An in vitro tubulogenesis system using cell lines derived from the embryonic kidney shows dependence on multiple soluble growth factors.

Interactions between the ureteric bud (UB) and metanephric mesenchyme are crucial for tubulogenesis during kidney development. Two immortalized cell lines derived from the day 11.5 embryonic kidney, UB cells, which appear to be epithelial (cytokeratin-positive, E-cadherin-positive, and ZO-1-positive by immunostaining) and BSN cells, which are largely mesenchymal (vimentin-positive, but negative for cytokeratin, cell surface E-cadherin, and cell surface ZO-1), were used to establish an in vitro tubulogenesis system. BSN cells expressed hepatocyte growth factor (HGF) and transforming growth factor-beta1 mRNAs, and its conditioned medium (BSN-CM) contained factors capable of activating the epidermal growth factor (EGF) receptor (EGFR). When UB cells were cultured in an extracellular matrix gel in the presence of the embryonic kidney or BSN-CM, the UB cells underwent morphogenetic changes characteristic of early in vitro branching tubulogenesis. These changes were largely inhibited by a combination of neutralizing anti-HGF antibodies and the EGFR inhibitor tyrphostin AG1478, suggesting that EGFR ligands, together with HGF, account for much of this early morphogenetic activity. Nevertheless, there was a significant fraction of tubulogenic activity that could not be inhibited, suggesting the existence of other soluble factors.
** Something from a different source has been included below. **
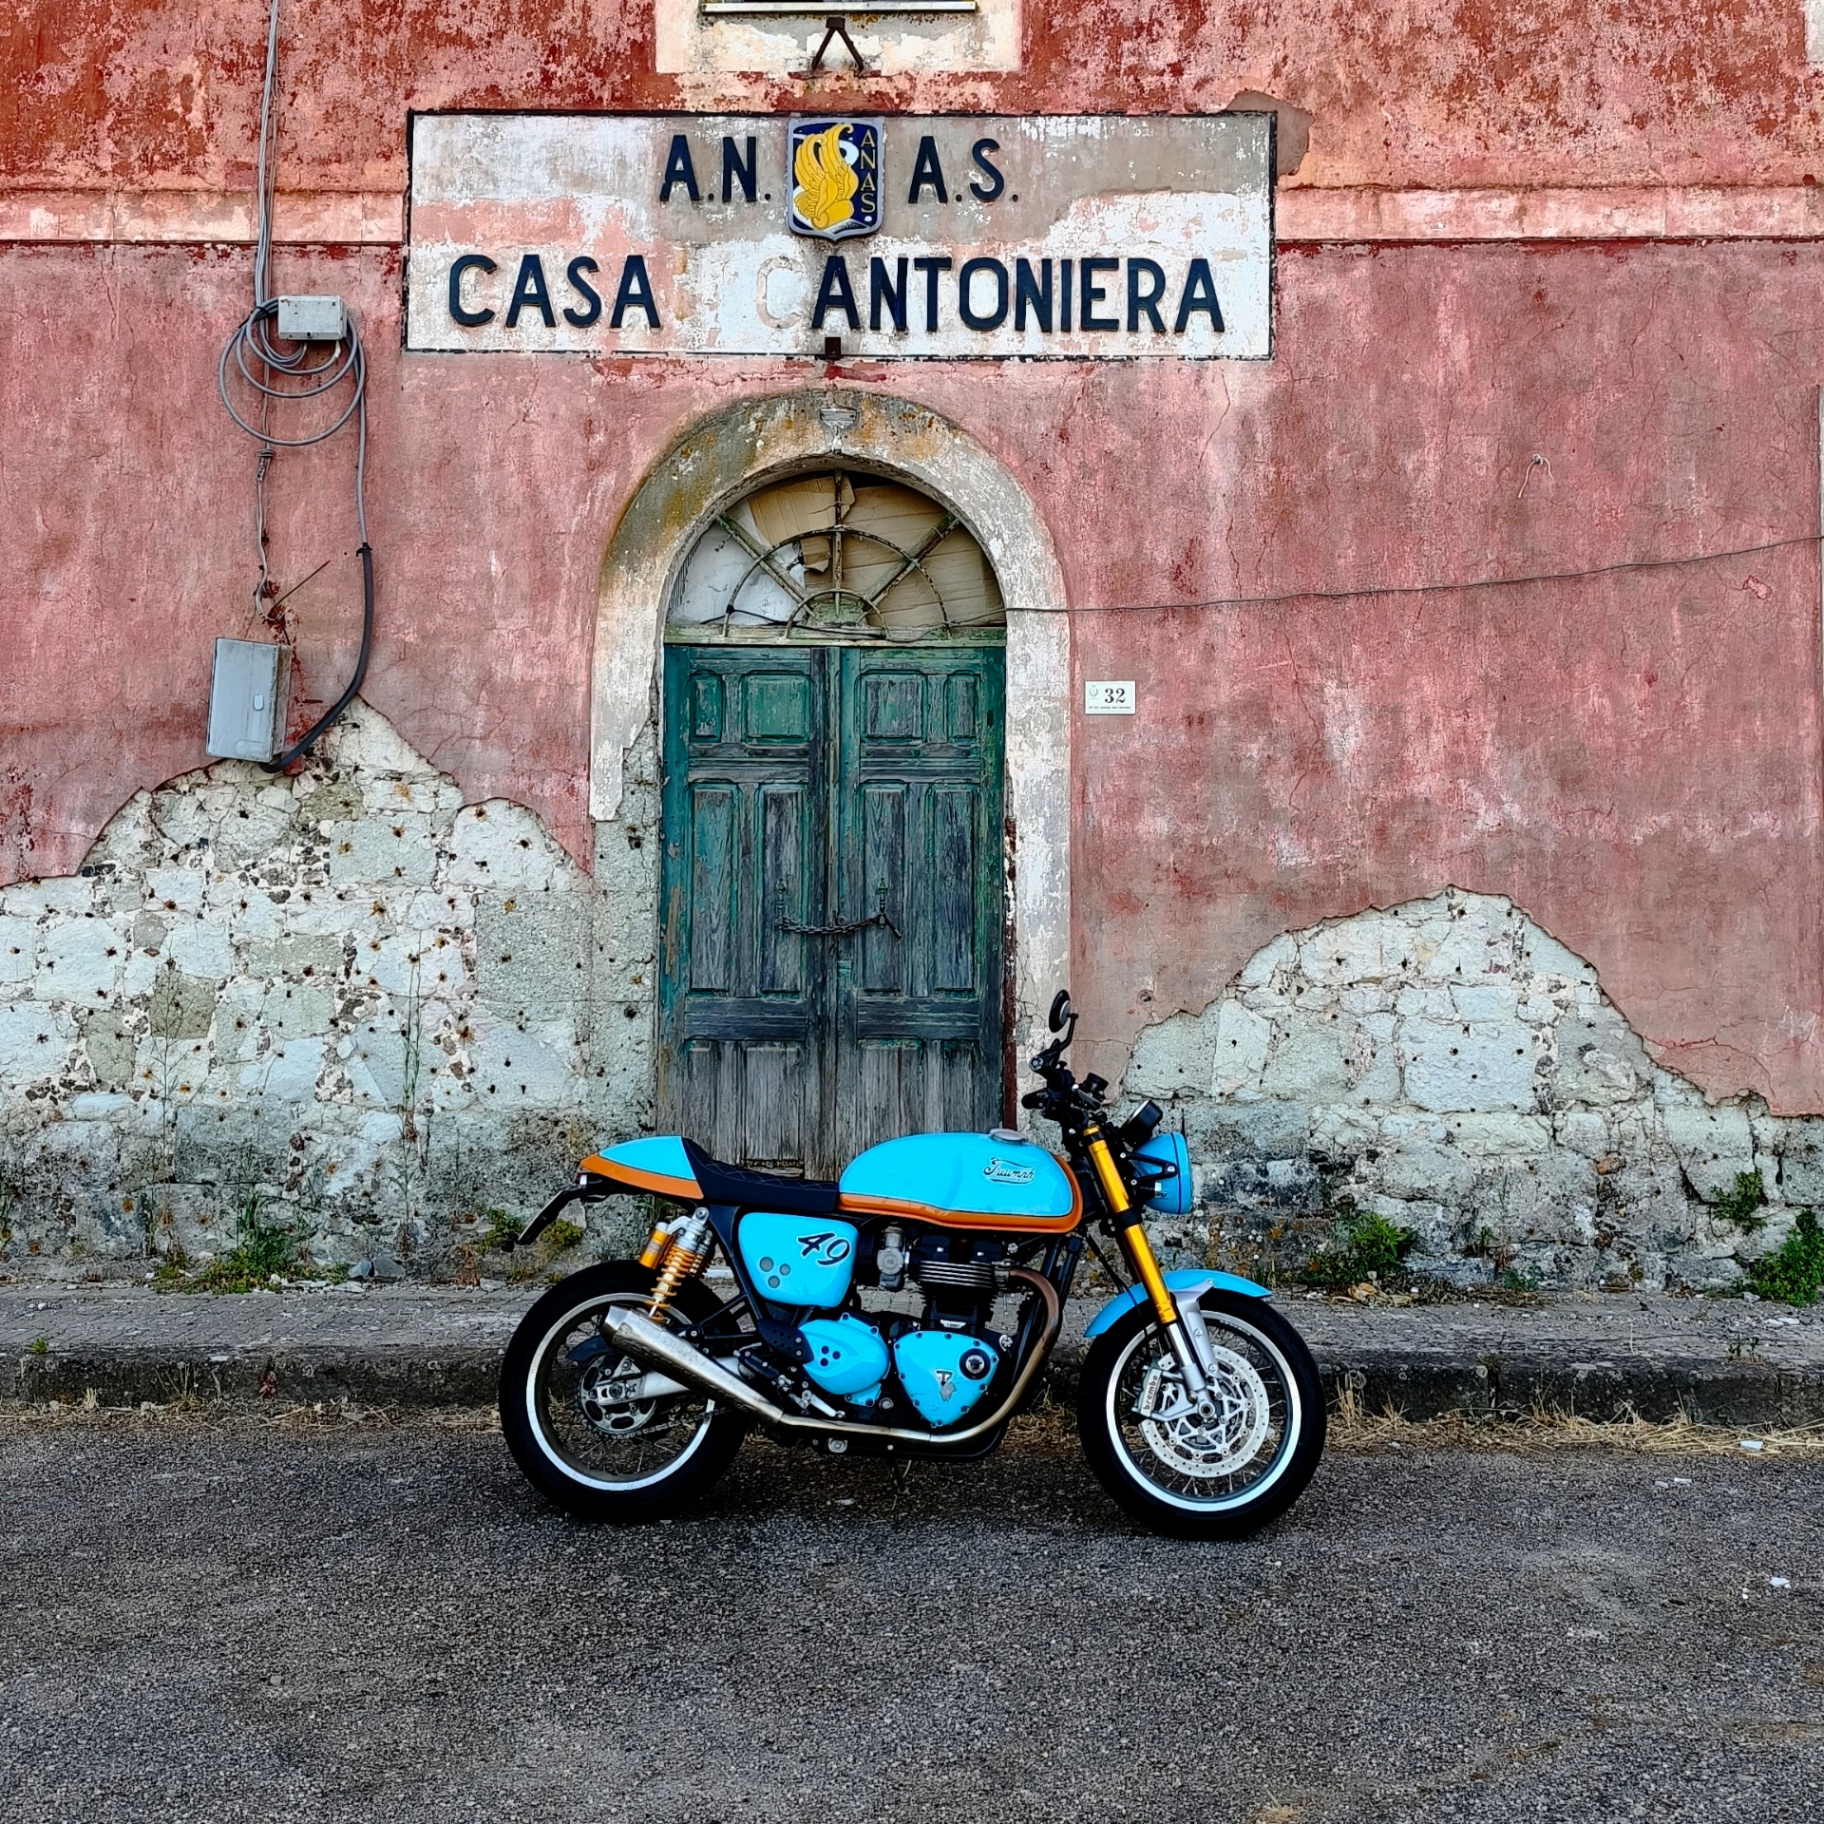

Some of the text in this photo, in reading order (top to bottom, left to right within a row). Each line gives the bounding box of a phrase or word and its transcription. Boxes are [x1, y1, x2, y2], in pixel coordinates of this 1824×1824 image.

Whereas HGF, EGF, transforming growth factor alpha, basic fibroblast growth factor (bFGF), and insulin-like growth factor 1 (IGF-1), or a mixture of these growth factors, induced epithelial processes for up to 3 days, only IGF-1, possibly bFGF, and the mixture were able to sustain morphogenesis for longer periods, though not nearly to the same degree as BSN-CM. Moreover, only BSN-CM induced branching tubular structures with clear lumens, consistent with the existence of other soluble factors crucial for the formation and/or maintenance of branching tubular structures with lumens in vitro.